Problem requirements: Omit every picture, then give all the entries again exactly.
▬▬▬▬▬▬
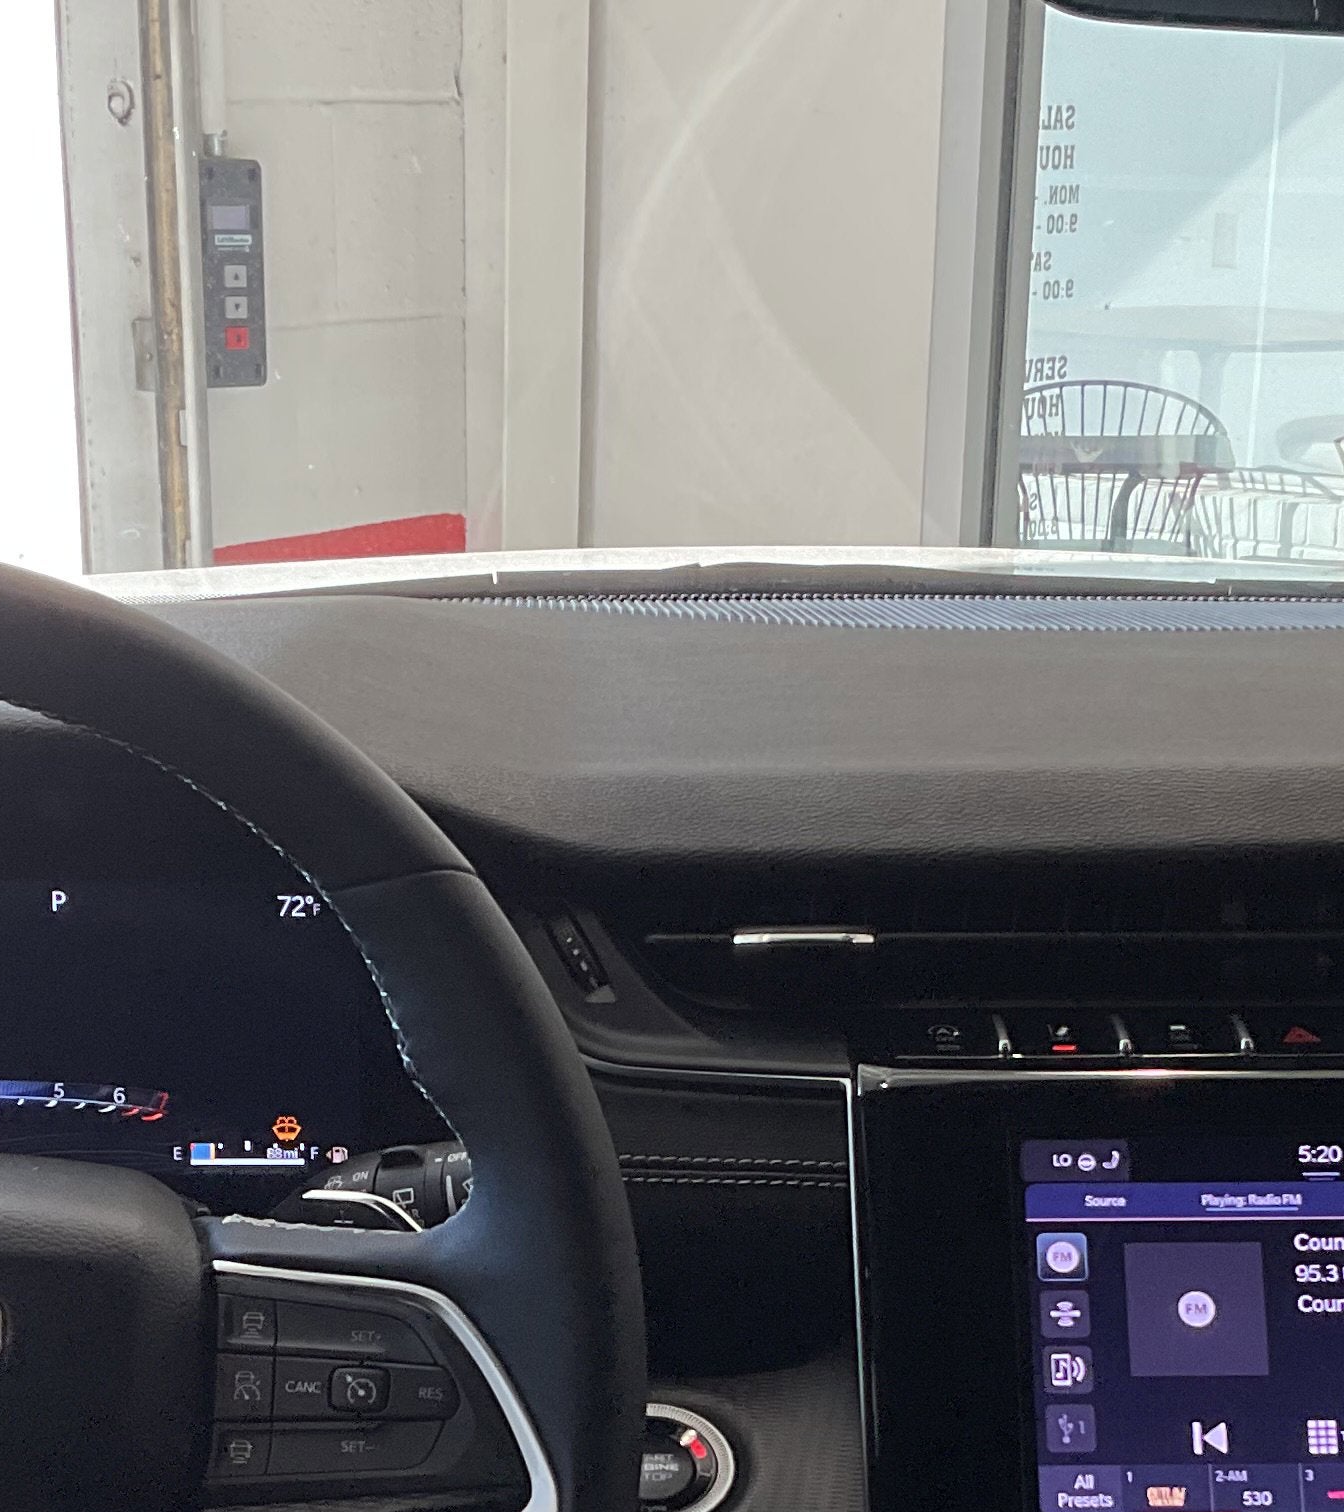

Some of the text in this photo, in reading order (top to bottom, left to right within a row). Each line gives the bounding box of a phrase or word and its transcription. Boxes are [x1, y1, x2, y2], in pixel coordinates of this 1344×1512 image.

[51, 890, 67, 912] P
[54, 1082, 65, 1098] 5
[113, 1087, 126, 1105] 6
[173, 1146, 183, 1161] E
[309, 1146, 319, 1161] F
[1052, 1154, 1073, 1168] LO
[1298, 1145, 1343, 1164] 5:20
[1084, 1194, 1127, 1208] Source
[1294, 1264, 1339, 1283] 95.3
[1184, 1303, 1207, 1316] FM
[1074, 1473, 1095, 1490] All
[1215, 1470, 1248, 1483] 2-AM
[1305, 1469, 1315, 1481] 3
[1057, 1492, 1114, 1509] Presets
[1242, 1490, 1273, 1507] 530
▬▬▬▬▬▬
Your response:
Some of the text in this photo, in reading order (top to bottom, left to right within a row). Each line gives the bounding box of a phrase or word and its transcription. Boxes are [x1, y1, x2, y2], in pixel coordinates of this 1344×1512 image.

[51, 890, 67, 912] P
[54, 1082, 65, 1098] 5
[113, 1087, 126, 1105] 6
[173, 1146, 183, 1161] E
[309, 1146, 319, 1161] F
[1052, 1154, 1073, 1168] LO
[1298, 1145, 1343, 1164] 5:20
[1084, 1194, 1127, 1208] Source
[1294, 1264, 1339, 1283] 95.3
[1184, 1303, 1207, 1316] FM
[1074, 1473, 1095, 1490] All
[1215, 1470, 1248, 1483] 2-AM
[1305, 1469, 1315, 1481] 3
[1057, 1492, 1114, 1509] Presets
[1242, 1490, 1273, 1507] 530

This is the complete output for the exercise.